The Good and Bad of Fear
We have often heard the quotation, “We have nothing to fear but fear itself.” The correct quote reads, “The only thing we have to fear is fear itself.” This quote comes from the Inaugural address of Franklin D Roosevelt in 1932. Right after the infamous stock market crash of 1929, which led to the Great Depression. Roosevelt’s first inaugural address outlined in broad terms how he hoped to govern and reminded Americans that the nation’s “common difficulties” concerned “only material things.”
However, as we see from the present, often explosive, debate on how to pay the interest on the national debt, the idea of borrowing to pay bills is not merely about the material, but is also about the moral. From the time Alexander Hamilton paid for the Revolutionary War with a federal debt, the United States only went into debt to pay for its wars. But then in the 1930s, the administration of President Roosevelt attempted to get the nation out of the Great Depression with federal borrowings. Presently, dept represents over 13% of GDP. Of course, the numbers don’t show the burden of interest payments from government sonsored enterprises like Fannie Mae and Freddie Mac.
To the average American, what does this mean? One of the things I have noticed over my years as a Financial Advisor is the impact interest rates have on the ability to repay debt. People are seduced by the easy availability of money. We have become so accustom to borrowing for things we need now, that we do not look at the long term. Let’s take a Student Loan, for example.
A student needs $10,000 to school. He applies for a Student Loan, and being frugal and diligent, decides to repay his loan on a fixed monthly payment, hence paying $12, 278.26. Should he decide to defer payments until he reaches the end of schooling, he will pay $13,310.18. (Source: http://smartoption.salliemae.com/Results.aspx, based upon $10,000 loan, low rate repayment schedule.)

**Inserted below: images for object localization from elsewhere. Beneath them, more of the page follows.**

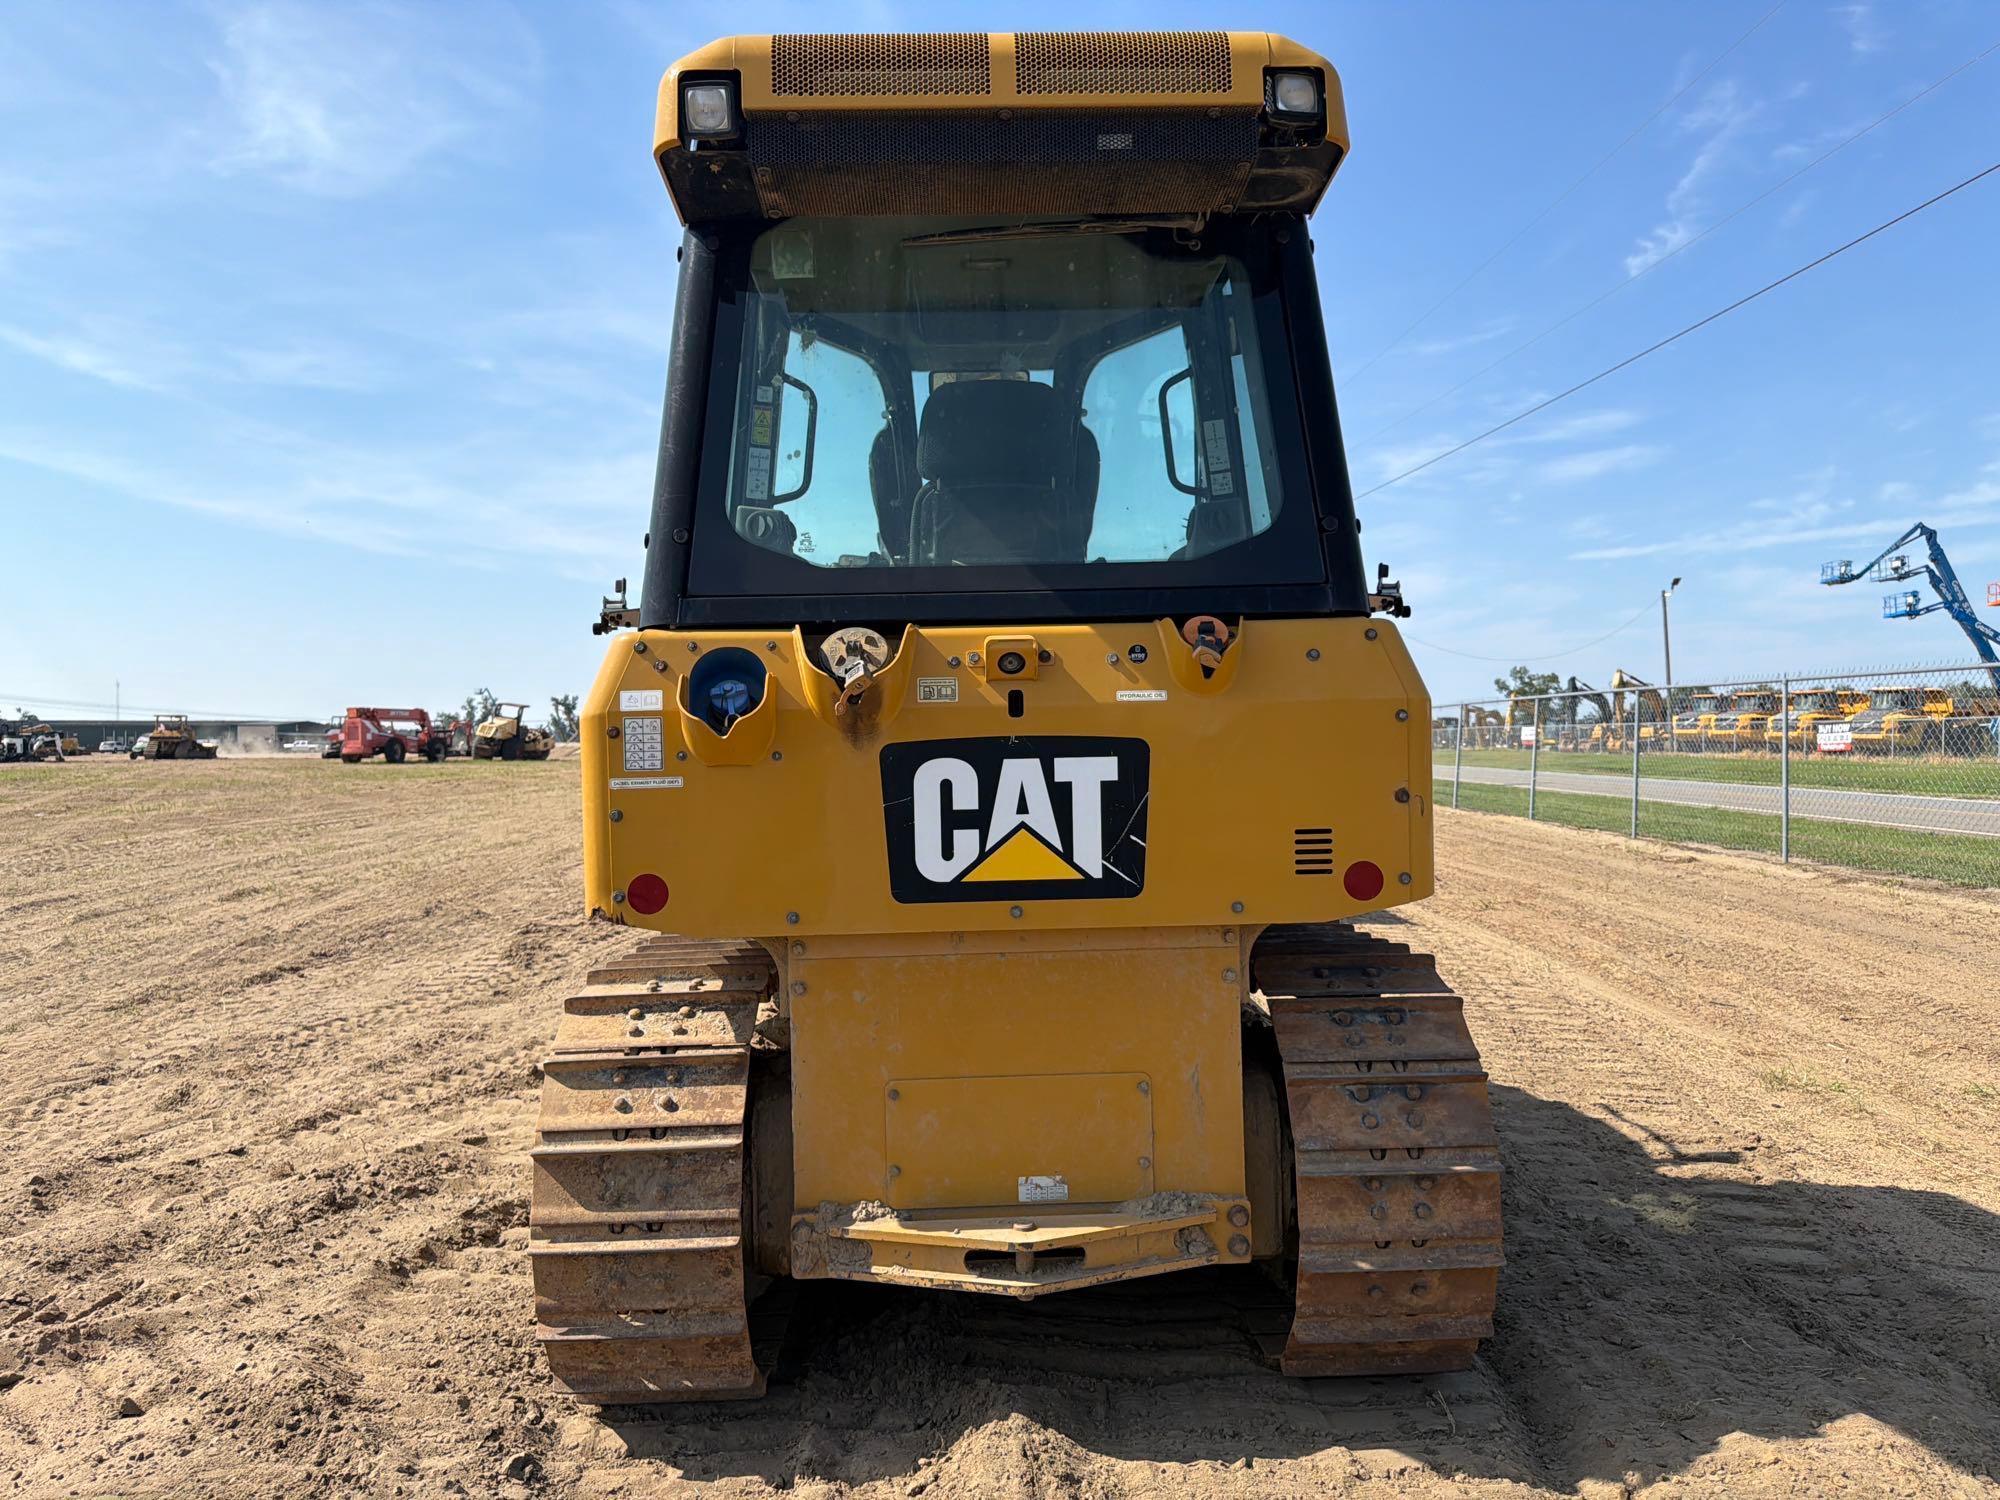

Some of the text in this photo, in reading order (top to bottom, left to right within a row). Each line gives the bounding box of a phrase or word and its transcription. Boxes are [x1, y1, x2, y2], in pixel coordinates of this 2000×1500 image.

[1974, 621, 1994, 637] Genie
[1818, 723, 1850, 734] BUY NOW
[913, 756, 1119, 883] CAT
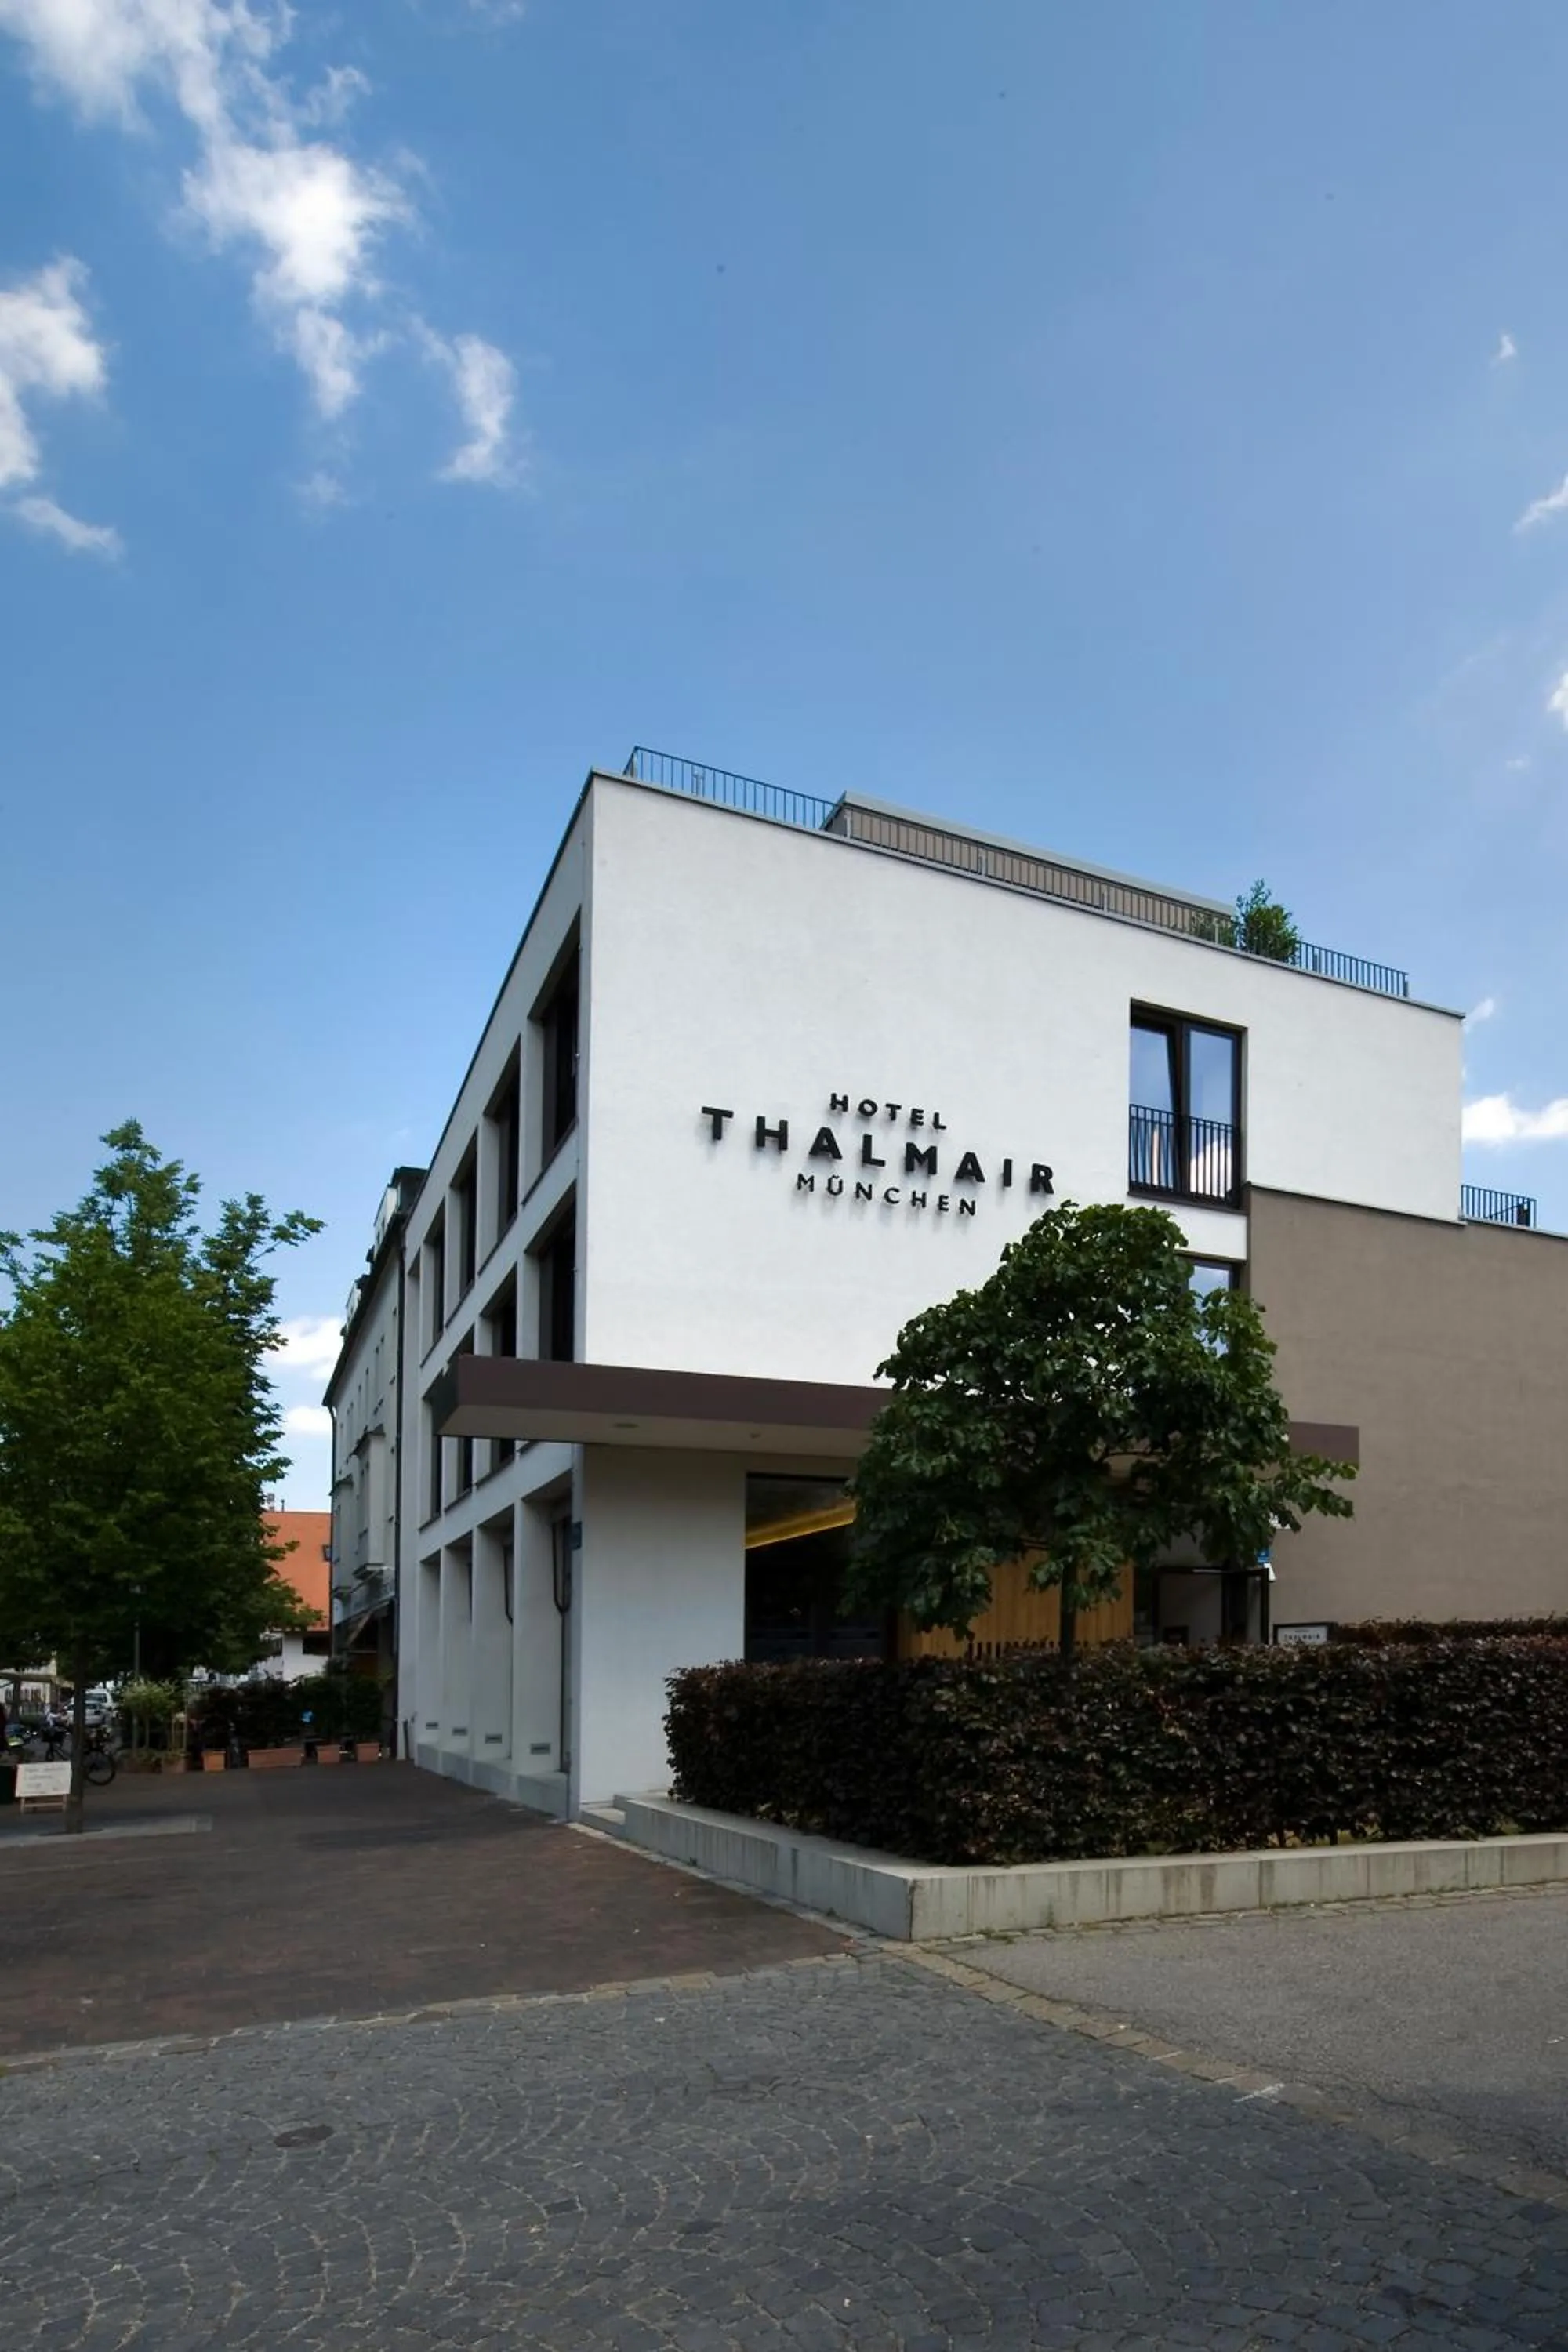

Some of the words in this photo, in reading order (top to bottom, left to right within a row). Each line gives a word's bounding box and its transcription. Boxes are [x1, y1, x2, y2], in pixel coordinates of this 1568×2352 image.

[829, 1092, 947, 1131] HOTEL
[701, 1106, 1054, 1197] THALMAIR
[796, 1173, 976, 1217] MÜNCHEN
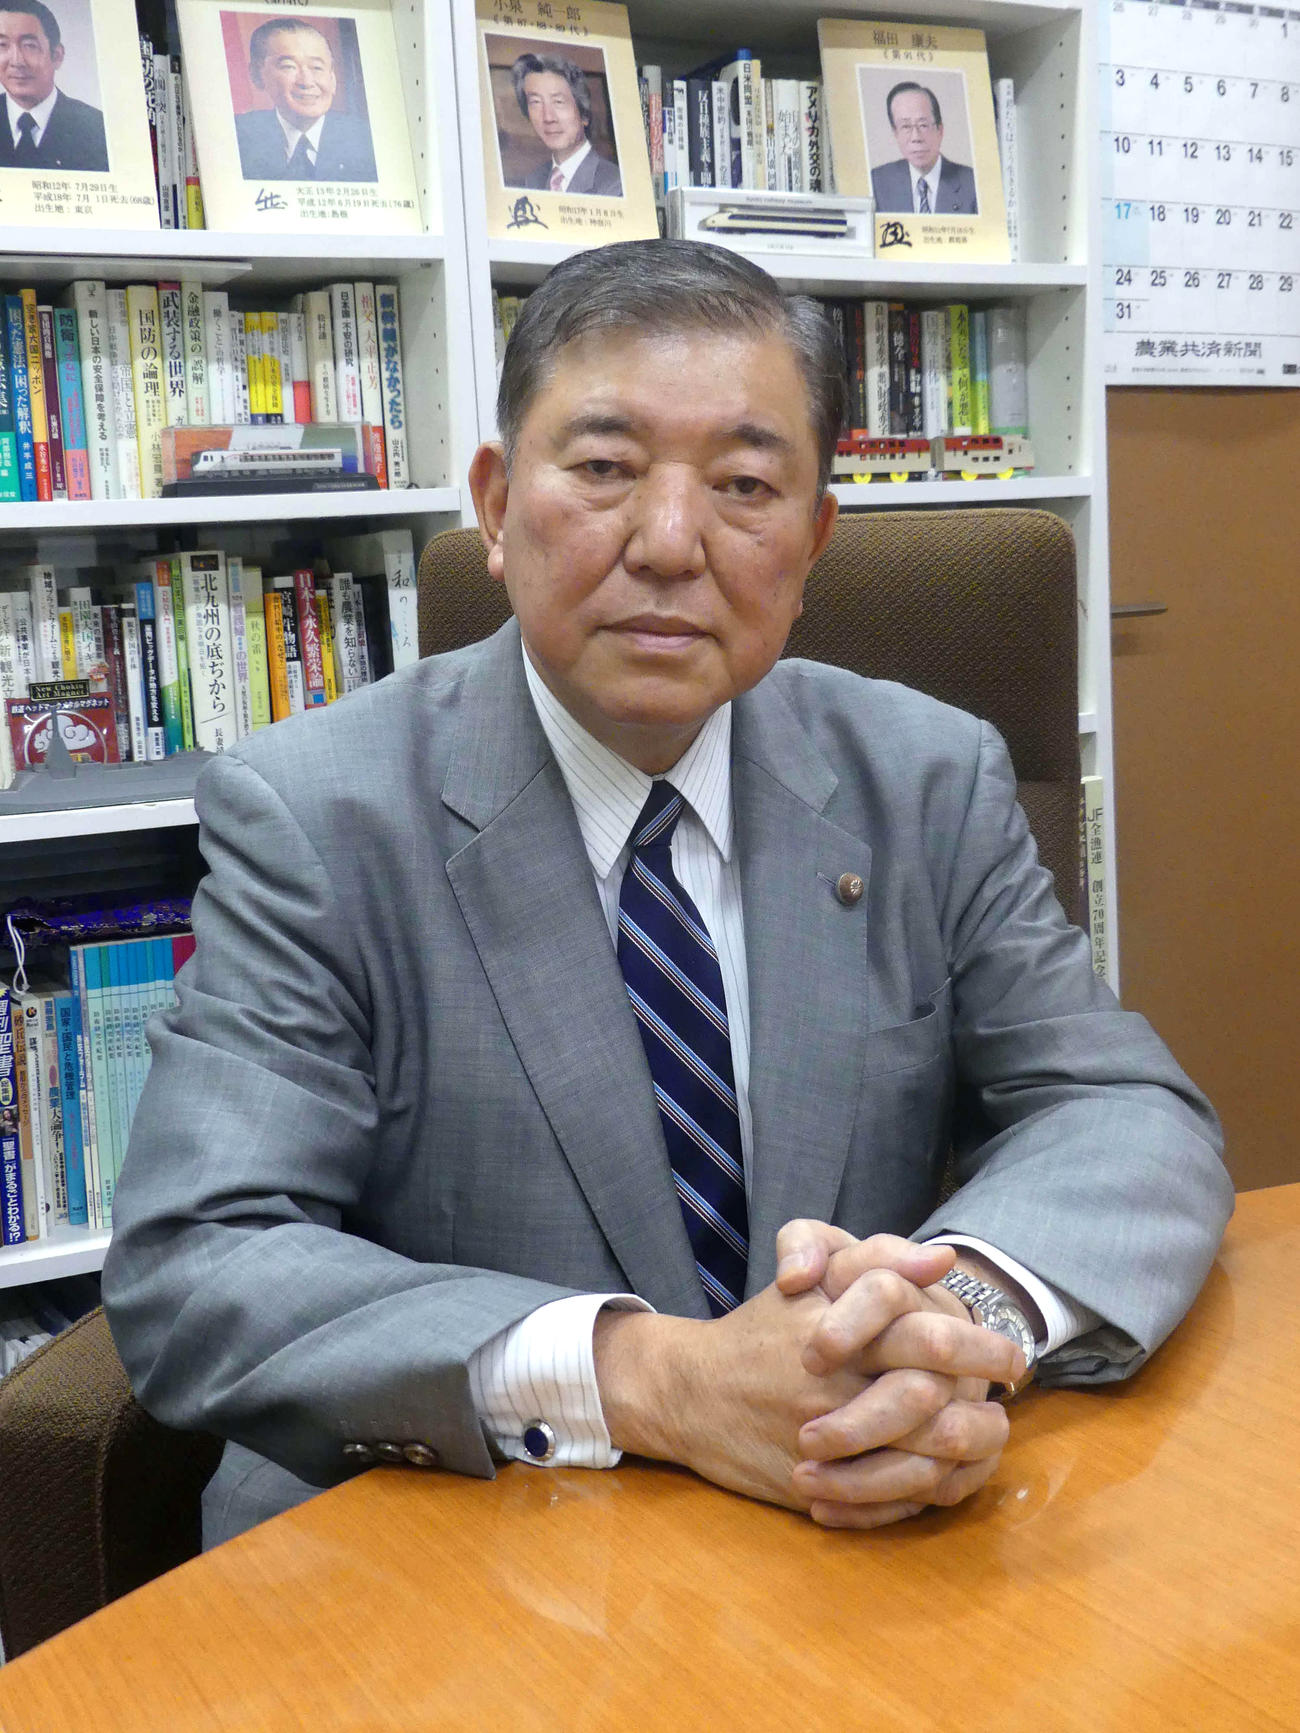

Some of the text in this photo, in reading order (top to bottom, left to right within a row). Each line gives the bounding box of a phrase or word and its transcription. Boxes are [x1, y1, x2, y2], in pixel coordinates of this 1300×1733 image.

In addition to that, as students are working to pay additional expenses and/or living expenses after college, here is the protocol of payments. Income: Federal Income Taxes, State Income taxes (where applicable), Social Security Tax (FICA) Medicare Tax, Interest, and, finally, principle. In other words, the student who receives a check for $10,000, can expect to repay in total between $20,000 and $22,000 repayment.
It is not only the students who fall into this trap, many adult Americans fall into the same trap. The Government itself has fallen into the same trap and it will continue to haunt us. FDR was not correct. The only thing to fear is God. In Proverbs 27:7 God’s Word warns us: The rich rule over the poor, and the borrower is servant to the lender.
Dictionary.com gives us this definition of fear: 1. “a distressing emotion aroused by impending danger, evil, pain, etc., whether the threat is real or imagined; the feeling or condition of being afraid. Synonyms: foreboding, apprehension, consternation, dismay, dread, terror, fright, panic, horror, trepidation, qualm.” That is not the state of emotions God wants His people to live in.
Dictionary.com gives 10 definitions of fear. Only in definition 8 do we find what we are looking for: 8. to have reverential awe of. Synonyms: revere, venerate, honor.
When we obey God’s word and stay out of debt, we live in in definition 8. When we disobey God and go against His word we live in definition 1. You define your living conditions by choices you make. either way, you will live in fear: terrified of what may happen; or rejoicing in awe of the freedom you experience.
There is good fear. There is bad fear.